When the 2019 edition of the Shooting, Hunting and Outdoor Trade (SHOT) Show gets underway Jan. 22 at the Sands Expo and Convention Center, you can bet attendees will find a wide array of firearms displayed on the show floor. After all, firearms and their accessories are what the show is all about.

And among the accessories on display will be products and programs designed to promote firearms safety in the home, at the range, in the field and places in between. In my Jan. 2 column, I highlighted a few options for the safe storage of firearms, but I think gun safes are deserving of a more in-depth discussion.

Your first step toward purchasing a gun safe should take you to a retailer where safes are a specialty and not a sideline. You want a place where the sales staff speaks the language of safes and will take the time to interpret it for you.

Before you take that step, however, you need to decide what you hope to accomplish with the purchase of your safe, explained Jeff Webb, salesman at The Safe Keeper. Are you looking for something simply to keep firearms out of the hands of children? Are you looking for theft protection or something that will stand up to the heat of a fire? Or do you plan on having your safe serve double duty as a place for valuables as well as firearms?

The answers to these questions will provide your salesman with a starting point, but you also need to have a budget in mind.

Serge Bashir, sales manager at Nevada Safes, said safe buyers “need to consider what they feel is feasible that they can actually invest in the security and the safety of their weapons, and of their household belongings.”

You can spend hundreds or even thousands depending on your objective, personal taste and need. During my visits, I learned that all safes are not created equal. For instance, what looks like a door made from a heavy steel plate might only be made from a thin sheet of steel bent over to look that way while others really are made of a thick steel sheet. And the interior of one safe might be lined with fabric while another is lined with cedar wood, which makes for a beautiful product by the way.

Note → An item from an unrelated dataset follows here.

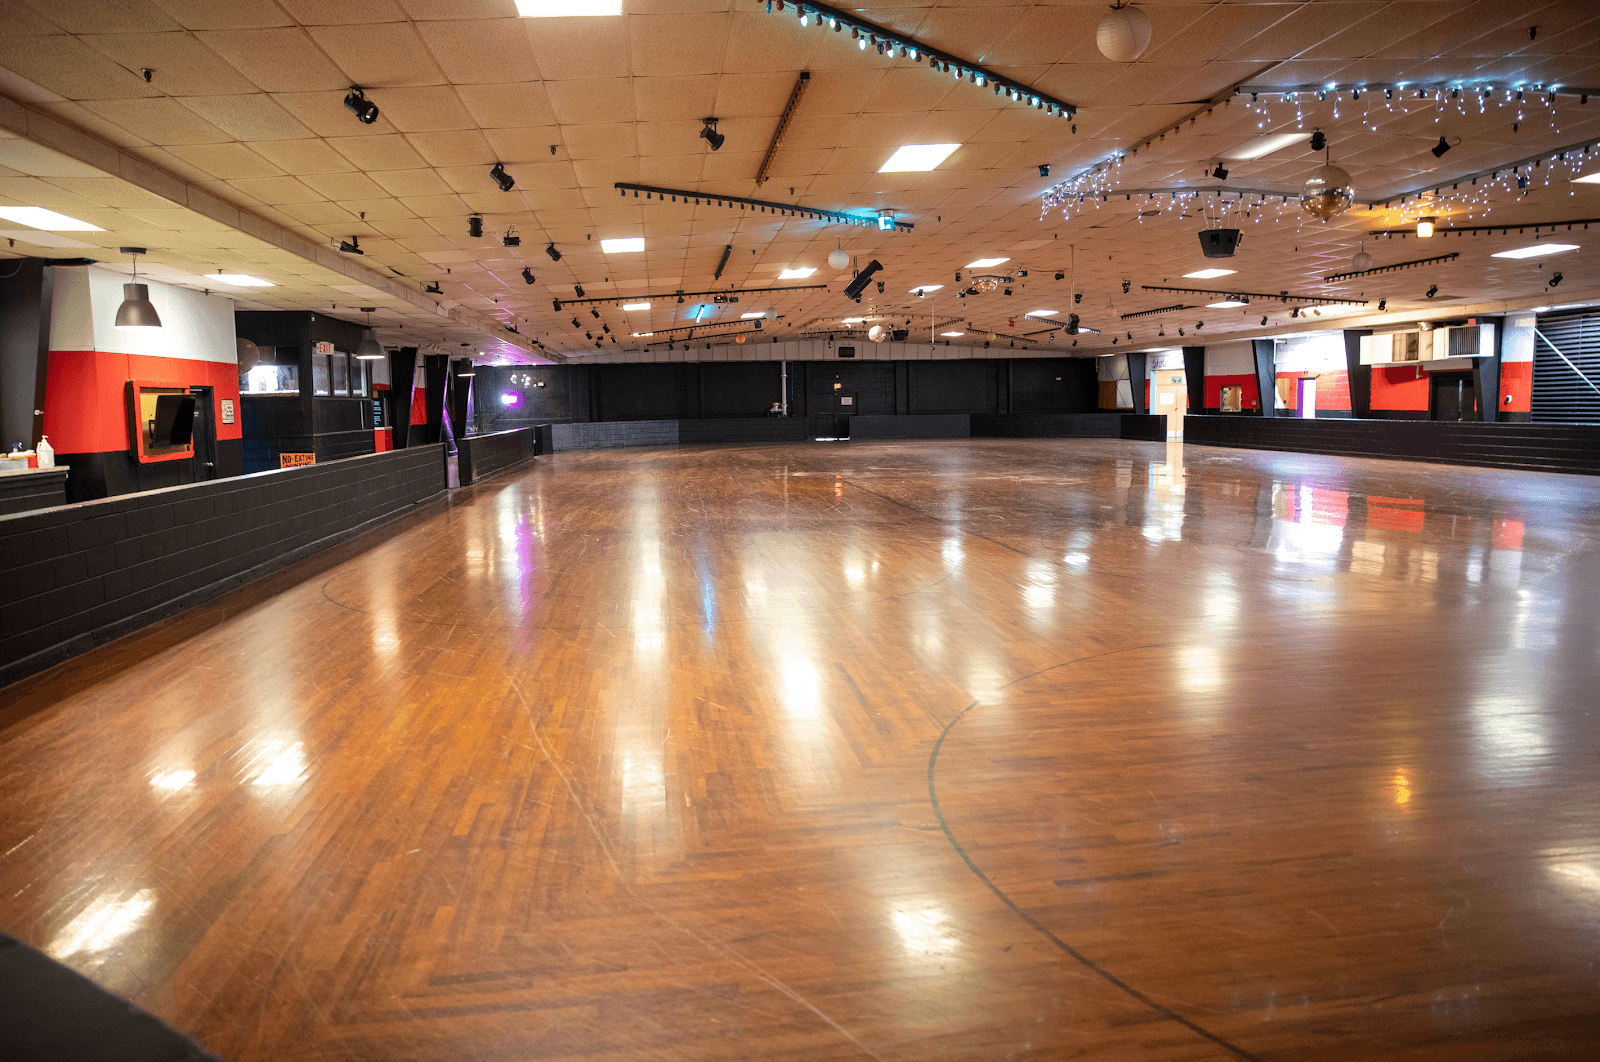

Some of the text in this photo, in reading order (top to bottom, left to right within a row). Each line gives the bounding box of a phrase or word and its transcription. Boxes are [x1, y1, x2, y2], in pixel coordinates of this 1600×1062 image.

[319, 343, 331, 353] EXIT
[282, 454, 314, 464] NO EATING

Be prepared to ask questions and spend time looking at the details beyond the price and color.

Webb showed me a pair of safes that had been worked over by thieves bent on stealing their contents. The thieves made quick work of the first safe because the door frame was not solid but only appeared to be. With leverage applied to right spots, they ripped the door right off. The second safe had several locking bolts around the edge of a heavy door. Though the safe carries scars left behind by their efforts, the thieves never opened the door.

A quality safe deters theft by demanding a thief’s time and causing him to make noise while trying to open it.

Something else to consider is a location for your new safe and how much room you have, said Bashir. There is no wrong place, but you do need to ask yourself some more questions. Such as, do you have a lot of room or are things a little snug? Are you looking to put your safe in a specific location? If so, how wide is that spot and how deep? How tall is that space? Is it upstairs, in the basement or in the garage?

Also, “are you looking to put your safe in a location where in an emergency scenario you could have access to it easily and readily?” Bashir added.

Another component to think about is the type of locking mechanism you prefer. “In the case of an emergency scenario, an electronic lock would be recommended,” Bashir said. On the other hand, “If you’re really not concerned with that, and your quite happy putting your safes out of the way in your home, possibly on a different level, if you’re comfortable going with a mechanical combination lock, that’s absolutely your personal choice. Just remember, you won’t have as quick access to your contents as you would with your electronic lock.”

Keep in mind that something is better than nothing, and you always can upgrade.

Freelance writer Doug Nielsen is a conservation educator for the Nevada Department of Wildlife. His “In the Outdoors” column, published Thursday, is not affiliated with or endorsed by the NDOW. Any opinions he states in his column are his own. Find him on Facebook at @dougwritesoutdoors. He can be reached at intheoutdoorslv@gmail.com.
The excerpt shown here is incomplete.